- _EXERCISE DETAILS_:
Return the data that follows exactly, with each line intact.

(Beginning of ENTRIES SUPPLIED)

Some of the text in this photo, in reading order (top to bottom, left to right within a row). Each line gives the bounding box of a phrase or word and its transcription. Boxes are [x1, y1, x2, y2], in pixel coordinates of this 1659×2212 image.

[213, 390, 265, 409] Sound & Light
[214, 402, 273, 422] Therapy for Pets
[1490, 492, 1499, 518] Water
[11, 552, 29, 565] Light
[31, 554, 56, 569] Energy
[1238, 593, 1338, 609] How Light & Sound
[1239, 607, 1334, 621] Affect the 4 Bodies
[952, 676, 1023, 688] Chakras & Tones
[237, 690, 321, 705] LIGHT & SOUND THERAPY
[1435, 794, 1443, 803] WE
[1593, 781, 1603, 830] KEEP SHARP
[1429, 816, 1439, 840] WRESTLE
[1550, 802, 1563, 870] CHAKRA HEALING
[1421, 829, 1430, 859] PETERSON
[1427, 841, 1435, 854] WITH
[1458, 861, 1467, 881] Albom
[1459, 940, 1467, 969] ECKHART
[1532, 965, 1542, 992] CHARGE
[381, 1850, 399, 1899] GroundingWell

(End of ENTRIES SUPPLIED)

- _SOLUTION TO THIS PROBLEM_:
Some of the text in this photo, in reading order (top to bottom, left to right within a row). Each line gives the bounding box of a phrase or word and its transcription. Boxes are [x1, y1, x2, y2], in pixel coordinates of this 1659×2212 image.

[213, 390, 265, 409] Sound & Light
[214, 402, 273, 422] Therapy for Pets
[1490, 492, 1499, 518] Water
[11, 552, 29, 565] Light
[31, 554, 56, 569] Energy
[1238, 593, 1338, 609] How Light & Sound
[1239, 607, 1334, 621] Affect the 4 Bodies
[952, 676, 1023, 688] Chakras & Tones
[237, 690, 321, 705] LIGHT & SOUND THERAPY
[1435, 794, 1443, 803] WE
[1593, 781, 1603, 830] KEEP SHARP
[1429, 816, 1439, 840] WRESTLE
[1550, 802, 1563, 870] CHAKRA HEALING
[1421, 829, 1430, 859] PETERSON
[1427, 841, 1435, 854] WITH
[1458, 861, 1467, 881] Albom
[1459, 940, 1467, 969] ECKHART
[1532, 965, 1542, 992] CHARGE
[381, 1850, 399, 1899] GroundingWell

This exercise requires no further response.